Issue: September 2020

The Maine Bicentennial Community Cookbook is less of a cookbook than it is a compendium of our family histories, told through scans of faded recipe cards and photos, holiday traditions passed down through generations, and memories of loved ones around ovens and communal tables. It does include recipes—more than 200 of them—but its essence is in the stories introducing the dishes, submitted by Mainers from all sixteen counties. Even the names of the recipes tell stories: Arlene’s World War II Spice Cookies, Dad’s Bean Hole Beans, Stinky Foot Cranberry Apple Jelly, and a Christmas mix called simply Cereal Stuff.

Margaret Hathaway and Karl Schatz, who have written and photographed five other books on food and farming, compiled and edited the collection in celebration of Maine’s 200th year of statehood. The couple took on the project when they learned that no one else was developing a cookbook for Maine’s bicentennial this year. They worked with Don Lindgren, a seller and collector of rare culinary books who wrote the introduction, to incorporate recipes and images from historic Maine community cookbooks. Lindgren, who owns Rabelais bookstore in Biddeford, wrote that community cookbooks, popularized in America after the Civil War, traditionally raised funds for charitable causes like repairs to churches and grange halls and have “helped build a record of what people were eating in households throughout the state.”

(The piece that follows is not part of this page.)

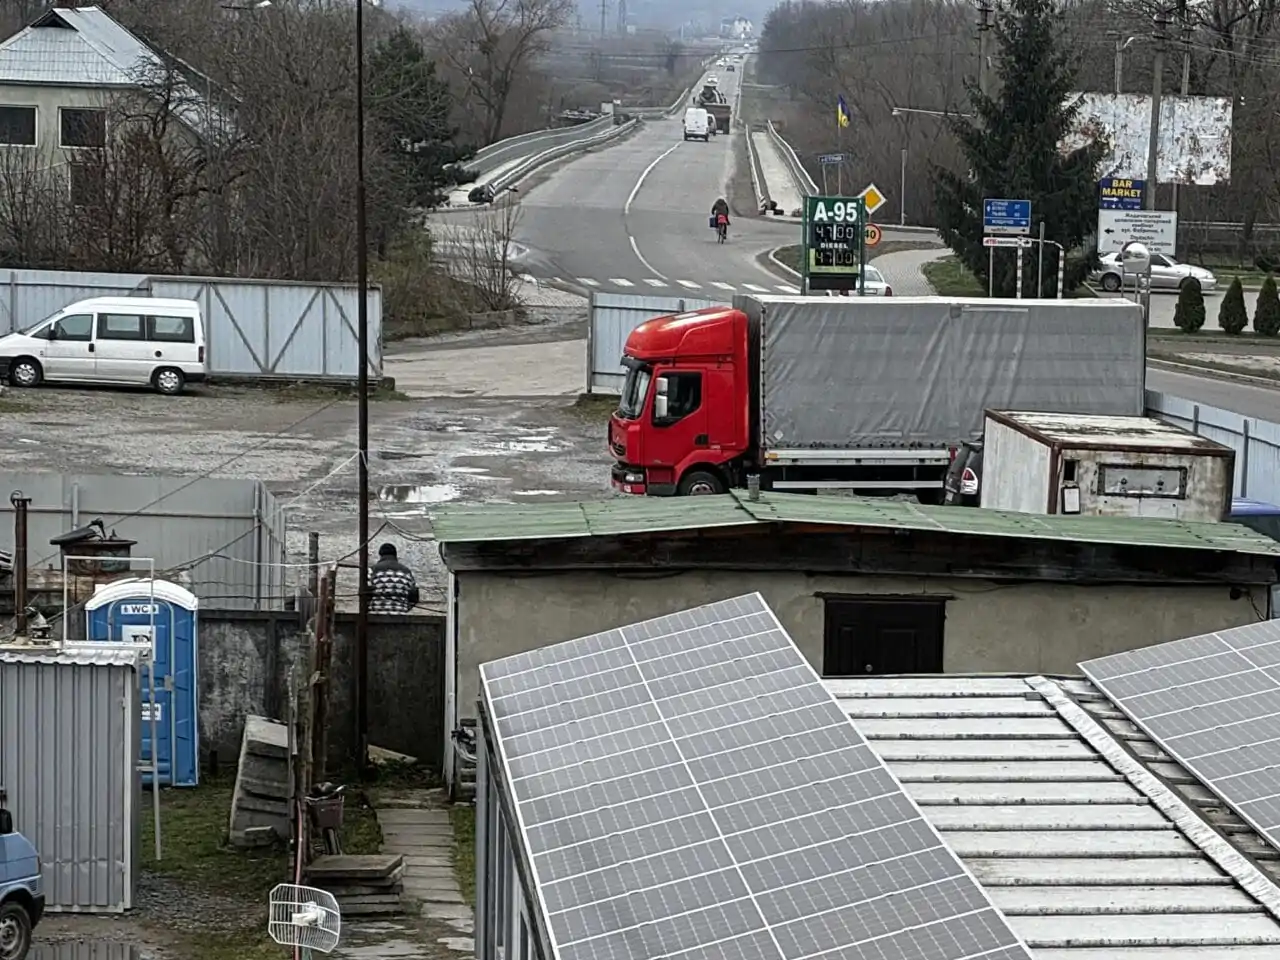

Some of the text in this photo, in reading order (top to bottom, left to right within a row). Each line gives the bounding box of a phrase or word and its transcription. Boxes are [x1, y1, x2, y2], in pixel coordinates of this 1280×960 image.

[1112, 180, 1132, 188] BAR
[1102, 188, 1141, 197] MARKET
[814, 202, 857, 222] A-95
[131, 605, 149, 613] WC

Part of the proceeds from this contemporary community cookbook is going to orga-nizations fighting hunger in Maine, and the recipes illustrate the state’s cultural diversity, from Acadian ployes to Colombian empanadas to a Laotian chilled green curry and asparagus soup with lobster. Hathaway and Schatz hope that eventually some of the recipes included will become new family recipes for Mainers. “Maybe 100 years from now,” Schatz says, “someone’s family recipe will be the Somali samosa recipe that’s in the book.”

This recipe for whoopie pies comes from Amos Orcutt, former president of the University of Maine Foundation, who pushed the state to declare the classic cookie sandwich as Maine’s official state treat in 2011.

Maine Whoopie Pies

• ½ cup shortening
• 1½ cups sugar
• 2 eggs
• ½ cup cocoa powder
• ½ cup sour milk
• 1 teaspoon vanilla extract
• 2⅔ cups all-purpose flour
• 1 teaspoon baking soda
• 1 teaspoon baking powder
• 1 teaspoon salt

• 3 tablespoons all-purpose flour
• ¾ cup milk
• ¾ cup shortening
• ¾ cup sugar
• 1 teaspoon vanilla extract

To make the cookies: Preheat the oven to 350°F. Cream the shortening.
Add sugar and eggs and mix well. Mix the cocoa with ½ cup hot water and add to the shortening mixture. Add the milk and vanilla and mix well. Sift together all the dry ingredients and add to the wet mixture. Drop by the teaspoonful on a cookie sheet and flatten down slightly with bottom of a glass dipped in water. Bake for approximately 19 minutes, then cool on a wire rack.

To make the filling: Mix the flour with milk in a small saucepan, and cook over medium heat, stirring regularly, until thickened. Cool to lukewarm, and add shortening, sugar, and vanilla. Beat with an electric mixer until creamy, about 5 minutes. Spread the filling between two cooled cookies.